### WORK INSTRUCTION
Copy the data below exactly. Any pictures in it should be omitted.

### INFORMATION SUPPLIED
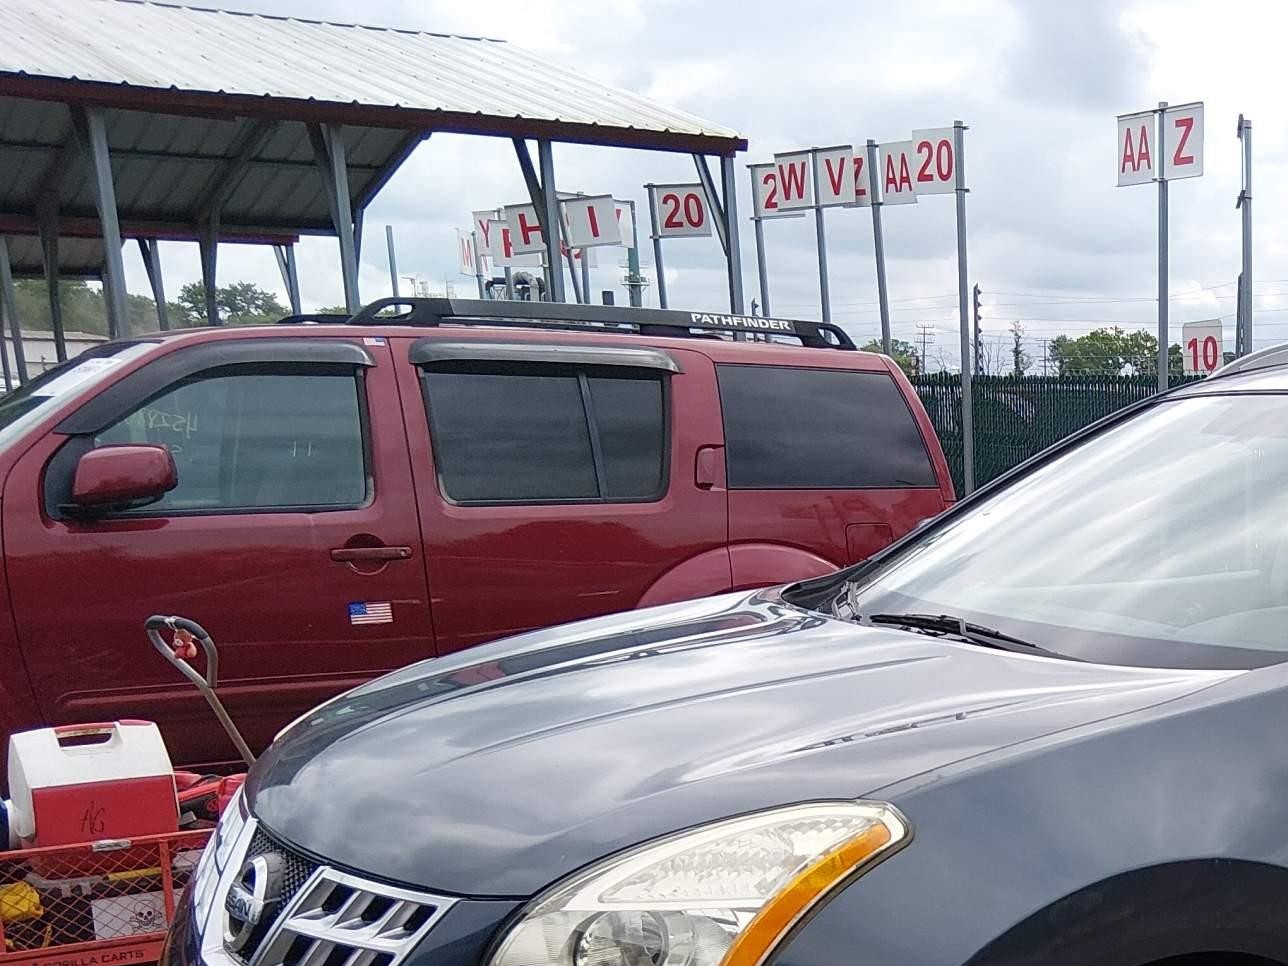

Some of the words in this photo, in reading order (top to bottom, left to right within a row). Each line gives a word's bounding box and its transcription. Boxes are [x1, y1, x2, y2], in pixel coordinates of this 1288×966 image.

[917, 139, 953, 182] 20
[1121, 125, 1152, 173] AA
[1173, 117, 1194, 166] Z
[778, 161, 806, 200] W
[825, 157, 845, 196] V
[885, 152, 913, 193] AA
[662, 193, 704, 229] 20
[690, 312, 792, 331] PATHFINDER
[1187, 335, 1219, 372] 10
[101, 950, 144, 964] CARTS
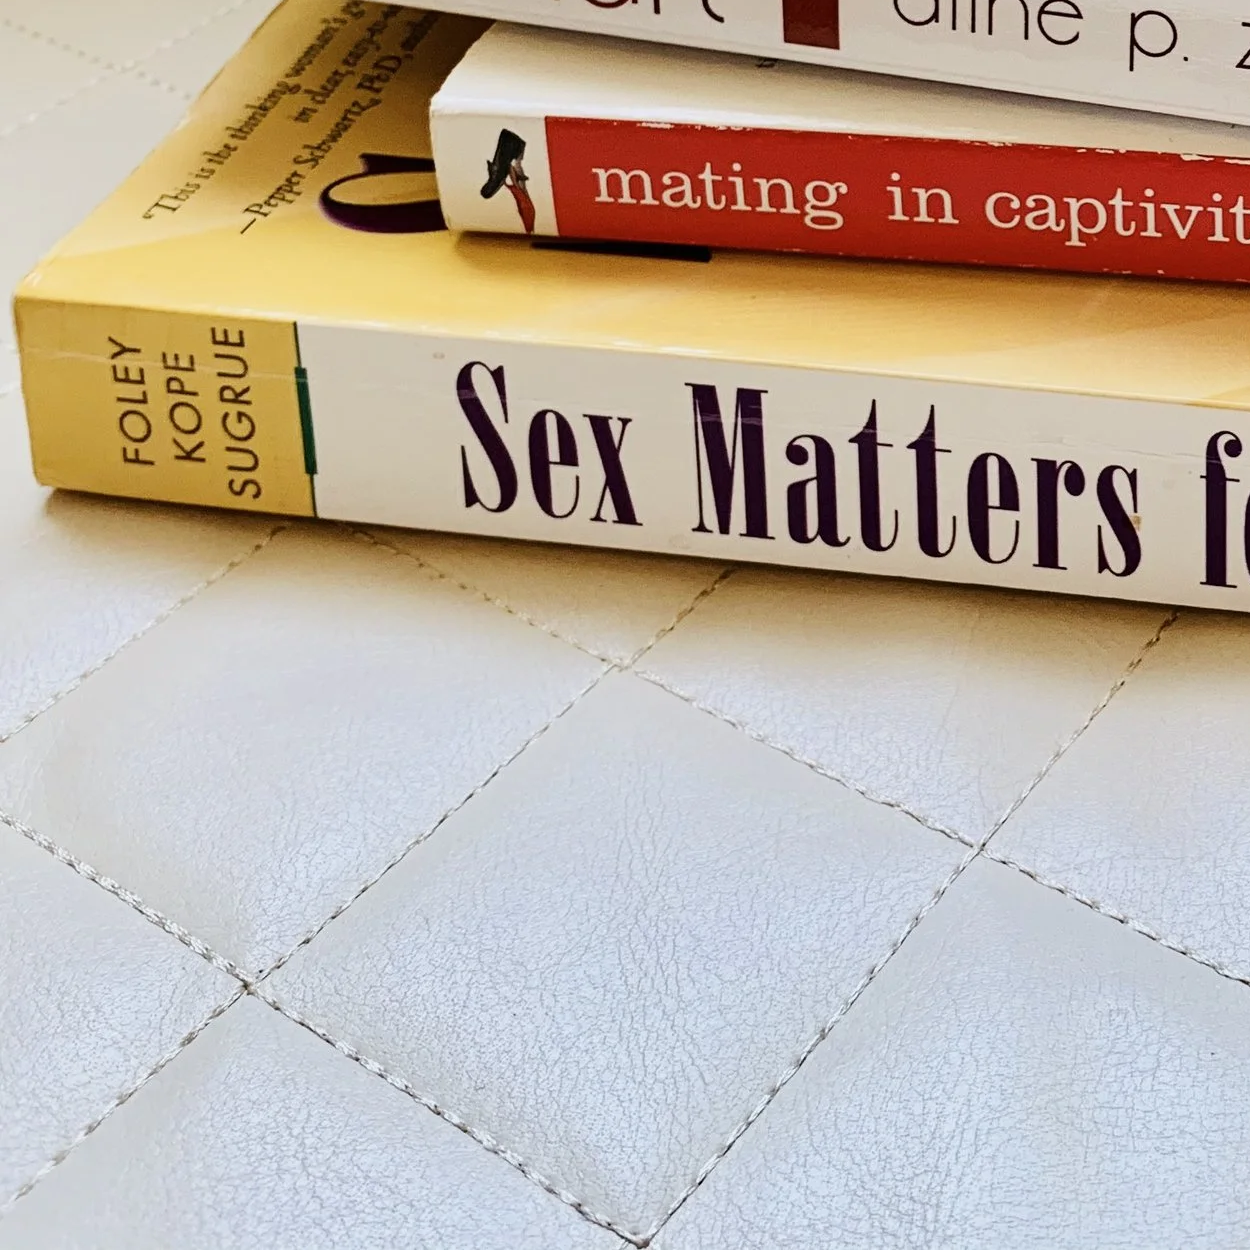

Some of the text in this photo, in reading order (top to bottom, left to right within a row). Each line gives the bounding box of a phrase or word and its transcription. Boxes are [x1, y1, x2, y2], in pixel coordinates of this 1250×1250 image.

[1128, 10, 1189, 72] p.
[224, 79, 302, 141] thinking
[195, 171, 216, 191] is
[203, 142, 238, 174] the
[592, 163, 848, 231] mating
[887, 173, 959, 224] in
[107, 336, 156, 468] FOLEY
[161, 351, 208, 464] KOPE
[210, 326, 262, 500] SUGRUE
[455, 360, 643, 527] Sex
[684, 382, 1143, 578] Matters
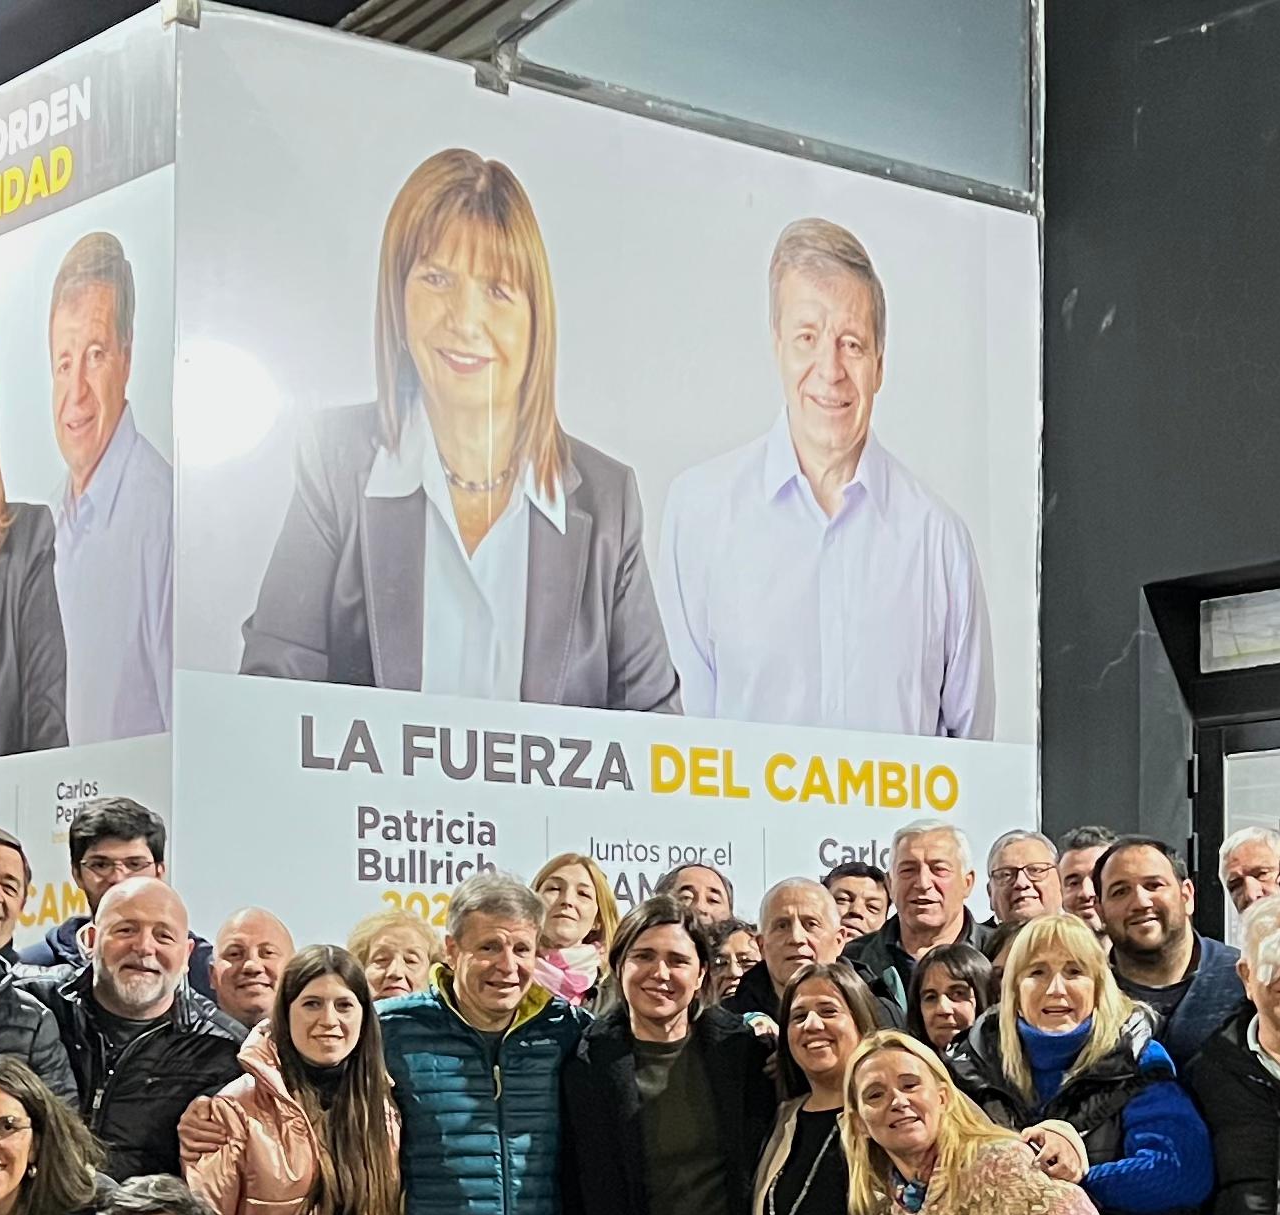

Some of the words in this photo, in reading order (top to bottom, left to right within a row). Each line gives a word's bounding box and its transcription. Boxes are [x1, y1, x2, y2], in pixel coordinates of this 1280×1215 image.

[301, 714, 383, 774] LA
[402, 724, 634, 792] FUERZA
[651, 743, 751, 800] DEL
[765, 752, 959, 812] CAMBIO
[56, 778, 99, 800] Carlos
[358, 806, 497, 847] Patricia
[358, 848, 497, 885] Bullrich
[589, 836, 661, 863] Juntos
[668, 844, 708, 869] por
[713, 841, 733, 867] el
[818, 838, 891, 870] Carlo
[381, 890, 450, 926] 202
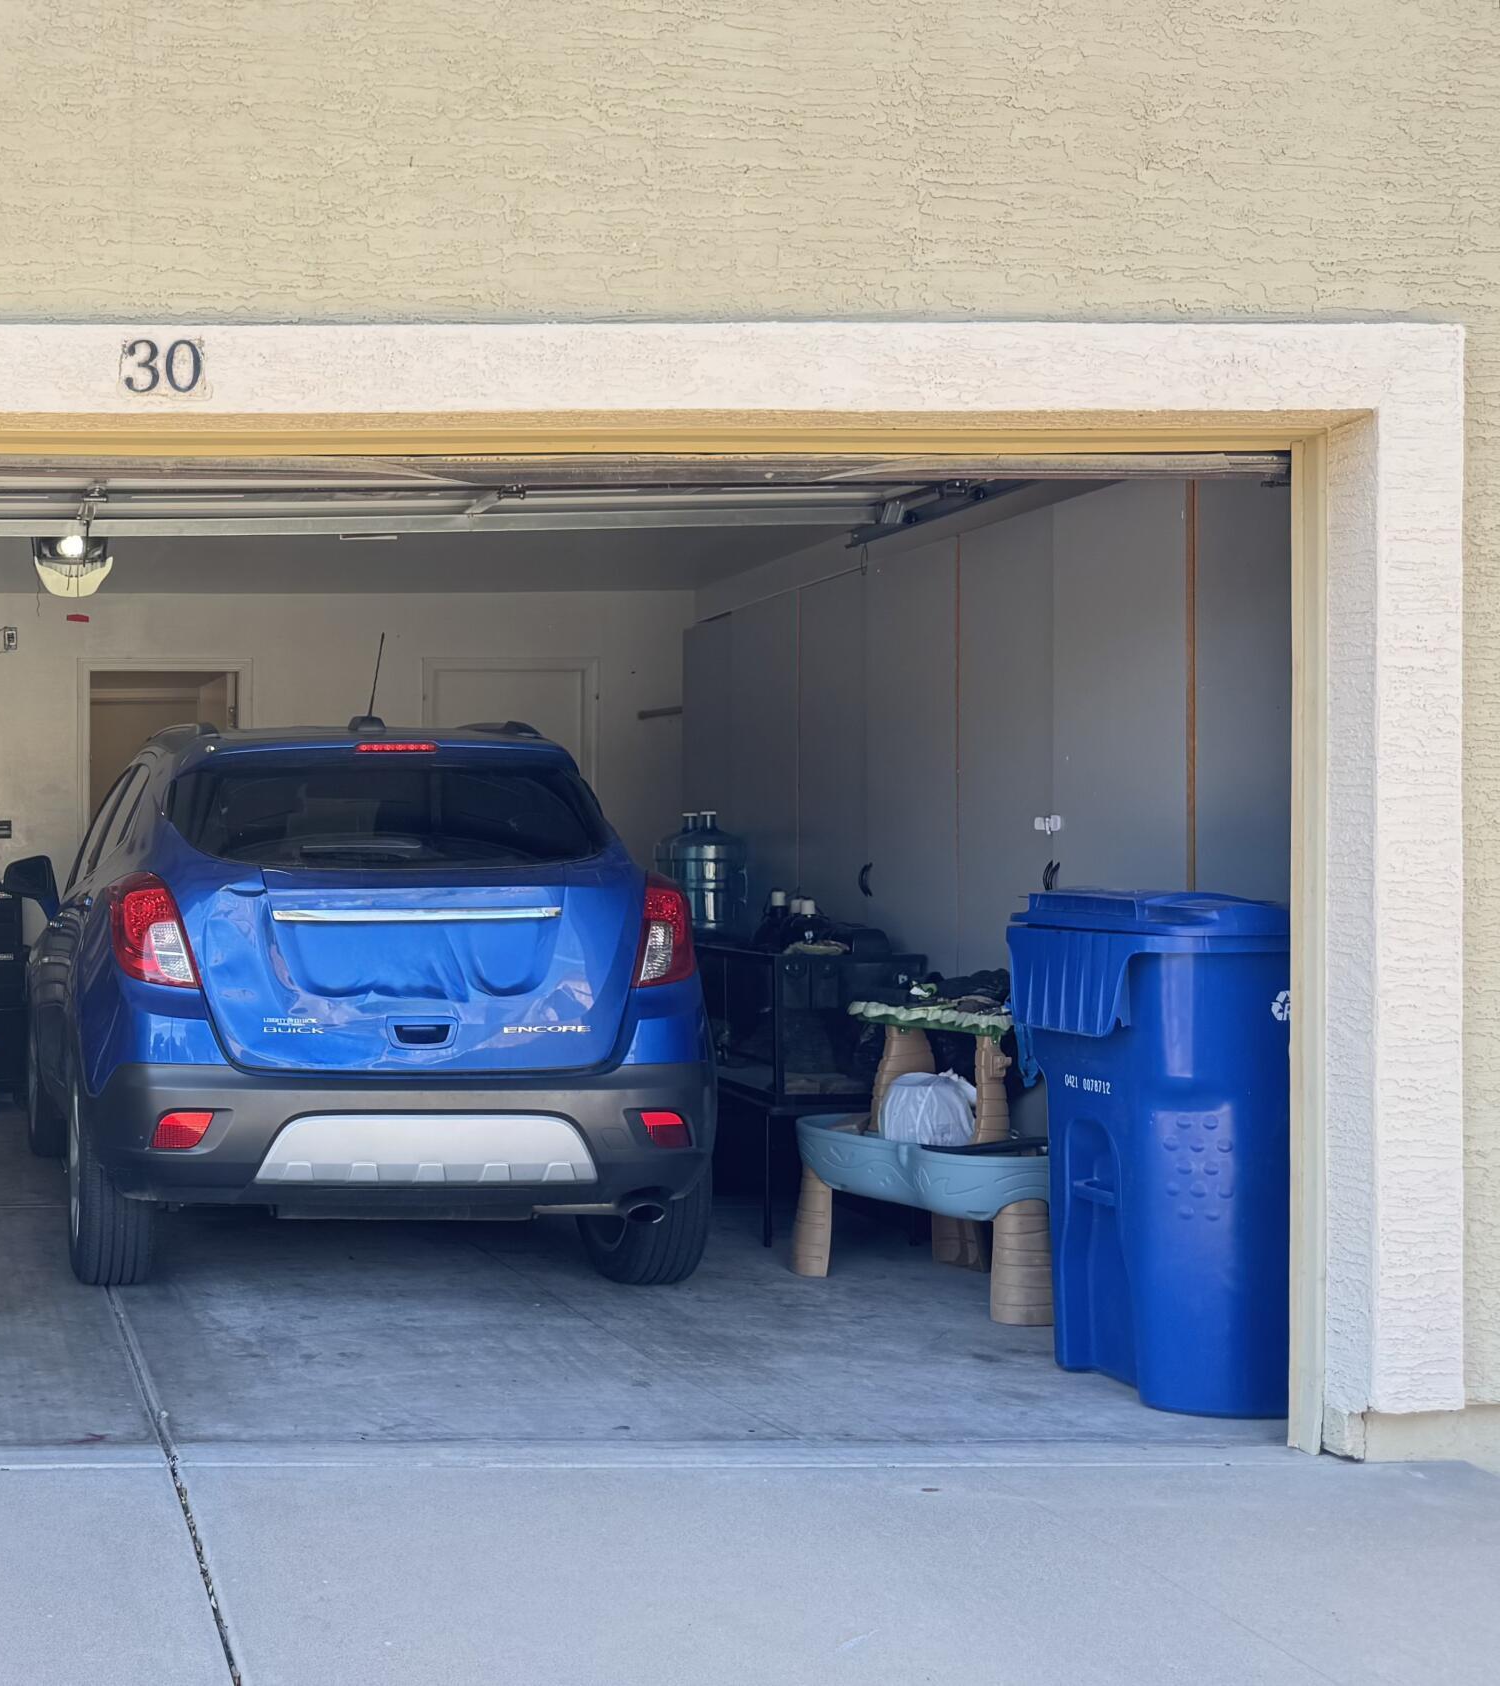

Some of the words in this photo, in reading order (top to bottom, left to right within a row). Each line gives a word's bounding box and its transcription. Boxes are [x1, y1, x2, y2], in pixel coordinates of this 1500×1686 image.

[125, 339, 201, 393] 30
[263, 1026, 325, 1034] BUICK
[503, 1025, 591, 1034] ENCORE

### SOLVED EXERCISE
Some of the words in this photo, in reading order (top to bottom, left to right within a row). Each line gives a word's bounding box and its transcription. Boxes are [x1, y1, x2, y2], in pixel coordinates of this 1288×966 image.

[917, 139, 953, 182] 20
[1121, 125, 1152, 173] AA
[1173, 117, 1194, 166] Z
[778, 161, 806, 200] W
[825, 157, 845, 196] V
[885, 152, 913, 193] AA
[662, 193, 704, 229] 20
[690, 312, 792, 331] PATHFINDER
[1187, 335, 1219, 372] 10
[101, 950, 144, 964] CARTS

Some of the text in this photo, in reading order (top to bottom, left to right within a row). Each line gives the bounding box of a phrase or word and its transcription. Boxes are [x1, y1, x2, y2], in pixel coordinates of this 1250×1250 image.

[1128, 10, 1189, 72] p.
[224, 79, 302, 141] thinking
[195, 171, 216, 191] is
[203, 142, 238, 174] the
[592, 163, 848, 231] mating
[887, 173, 959, 224] in
[107, 336, 156, 468] FOLEY
[161, 351, 208, 464] KOPE
[210, 326, 262, 500] SUGRUE
[455, 360, 643, 527] Sex
[684, 382, 1143, 578] Matters

Some of the words in this photo, in reading order (top to bottom, left to right within a row). Each line gives a word's bounding box and its transcription. Boxes are [x1, y1, x2, y2], in pixel coordinates of this 1280×1215 image.

[301, 714, 383, 774] LA
[402, 724, 634, 792] FUERZA
[651, 743, 751, 800] DEL
[765, 752, 959, 812] CAMBIO
[56, 778, 99, 800] Carlos
[358, 806, 497, 847] Patricia
[358, 848, 497, 885] Bullrich
[589, 836, 661, 863] Juntos
[668, 844, 708, 869] por
[713, 841, 733, 867] el
[818, 838, 891, 870] Carlo
[381, 890, 450, 926] 202

Some of the words in this photo, in reading order (top to bottom, left to right within a row). Each line gives a word's bounding box and its transcription. Boxes are [x1, y1, x2, y2], in pixel coordinates of this 1500×1686 image.

[125, 339, 201, 393] 30
[263, 1026, 325, 1034] BUICK
[503, 1025, 591, 1034] ENCORE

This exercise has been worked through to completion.